> **WHAT IS REQUIRED**:
Write the records out exactly as they read, but not the pictures.

> **DATA TO USE**:
━━━━━━━━━━━━━━━━━━━━━━━━━━━━━━
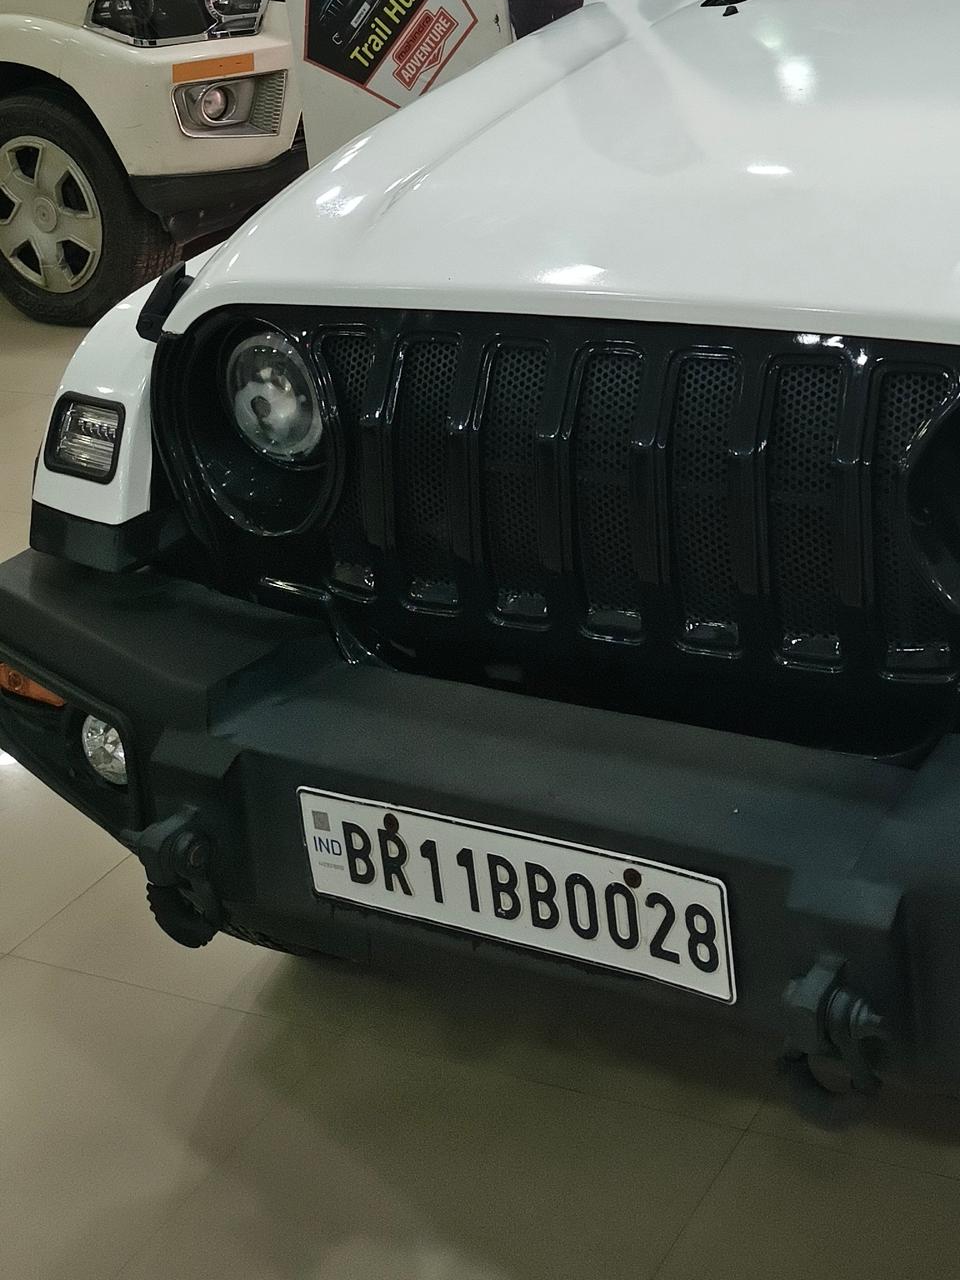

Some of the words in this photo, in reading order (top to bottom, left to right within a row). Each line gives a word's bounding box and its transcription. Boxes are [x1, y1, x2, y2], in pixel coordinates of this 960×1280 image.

[349, 17, 392, 68] Trail
[401, 15, 451, 82] ADVENTURE
[313, 835, 342, 856] IND
[341, 820, 720, 974] BR11BB0028
━━━━━━━━━━━━━━━━━━━━━━━━━━━━━━
> **EXERCISE RESULT**:
Some of the words in this photo, in reading order (top to bottom, left to right within a row). Each line gives a word's bounding box and its transcription. Boxes are [x1, y1, x2, y2], in pixel coordinates of this 960×1280 image.

[349, 17, 392, 68] Trail
[401, 15, 451, 82] ADVENTURE
[313, 835, 342, 856] IND
[341, 820, 720, 974] BR11BB0028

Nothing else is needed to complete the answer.